La cybersécurité au service de la souveraineté numérique

Au cœur de la souveraineté numérique réside la capacité à maîtriser pleinement ses données et ses infrastructures. Cette maîtrise est essentielle pour garantir l’autonomie décisionnelle et la libre disposition de ses ressources numériques. Et dans un contexte mondial marqué par une prolifération constante d’attaques informatiques, qu’elles soient d’origines étatiques, criminelles, à but lucratif ou liées à l’intelligence économique, faire le choix de solutions de cybersécurité européennes s’impose comme un pilier fondamental de cette souveraineté. Ceci, afin de conserver le contrôle sur les actifs numériques et de protéger les données et les infrastructures contre tout accès non autorisé par des tiers. Ce choix contribue ainsi directement à la construction et à la préservation de l’indépendance stratégique d’une entité.

L’instabilité géopolitique, marquée par un déplacement des conflits sur le terrain cyber, et donc l’intensification des cybermenaces accentuent ces enjeux et appellent à une autonomie stratégique renforcée, fondée sur la confiance et la transparence. Ces tensions peuvent en effet amplifier le risque d’attaques ciblées, soulignant l’urgence de renforcer les capacités de prévention et de réaction des organisations.

Il est donc crucial pour les entreprises européennes de prendre en compte ces tensions, notamment dans le choix de leurs outils. Cela leur permet non seulement de conserver la maîtrise de leurs infrastructures et de leurs données, mais aussi de se prémunir contre l’impact des réglementations extraterritoriales, et, comme cela a été observé récemment, de garantir l’accès à des ressources qui pourraient être coupées à tout moment. Le monde évolue et la dépendance aux solutions de cybersécurité non-européennes représente désormais un facteur de risque majeur.

Garantir autonomie et confiance grâce à des solutions souveraines

Au-delà de la simple évaluation, cette démarche d’indice de dépendance est un grand pas dans la bonne direction. Elle vise en effet à encourager une transition vers des écosystèmes numériques plus fiables, en mettant l’accent sur la maîtrise technologique, la capacité à auditer et à contrôler les codes sources, la proximité des acteurs en cas d’incident, ainsi que la conformité aux réglementations européennes. Une souveraineté numérique solide passe aussi par le développement de solutions conçues pour répondre aux standards locaux dès leur conception, garantissant ainsi une meilleure intégration dans les contextes réglementaires comme la directive NIS2[2] ou le Cyber Resilience Act[3].
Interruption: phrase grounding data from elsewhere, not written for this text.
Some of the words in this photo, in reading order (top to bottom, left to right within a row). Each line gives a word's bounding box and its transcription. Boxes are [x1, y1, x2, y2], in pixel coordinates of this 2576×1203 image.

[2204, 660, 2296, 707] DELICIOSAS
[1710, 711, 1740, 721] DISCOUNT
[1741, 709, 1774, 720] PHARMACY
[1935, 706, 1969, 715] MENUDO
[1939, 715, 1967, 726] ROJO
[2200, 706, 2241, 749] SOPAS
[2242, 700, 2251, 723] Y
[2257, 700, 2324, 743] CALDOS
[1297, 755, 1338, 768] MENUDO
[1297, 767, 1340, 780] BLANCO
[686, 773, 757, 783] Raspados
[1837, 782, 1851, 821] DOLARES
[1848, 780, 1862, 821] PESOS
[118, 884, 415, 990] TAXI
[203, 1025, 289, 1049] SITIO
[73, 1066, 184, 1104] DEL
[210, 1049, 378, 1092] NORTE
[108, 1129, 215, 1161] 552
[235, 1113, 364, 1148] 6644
Par ailleurs, l’équation entre souveraineté et performance n’implique pas de compromis. En s’appuyant sur des solutions de cybersécurité évaluées ou, a minima, certifiées par des autorités indépendantes comme l’ANSSI[4], il est possible de bénéficier de technologies à la fois fiables et efficaces, tout en préservant la maîtrise des données et des infrastructures. Ces solutions doivent être simples à déployer, afin de protéger efficacement sans freiner la productivité, tout en contribuant à l’indépendance stratégique.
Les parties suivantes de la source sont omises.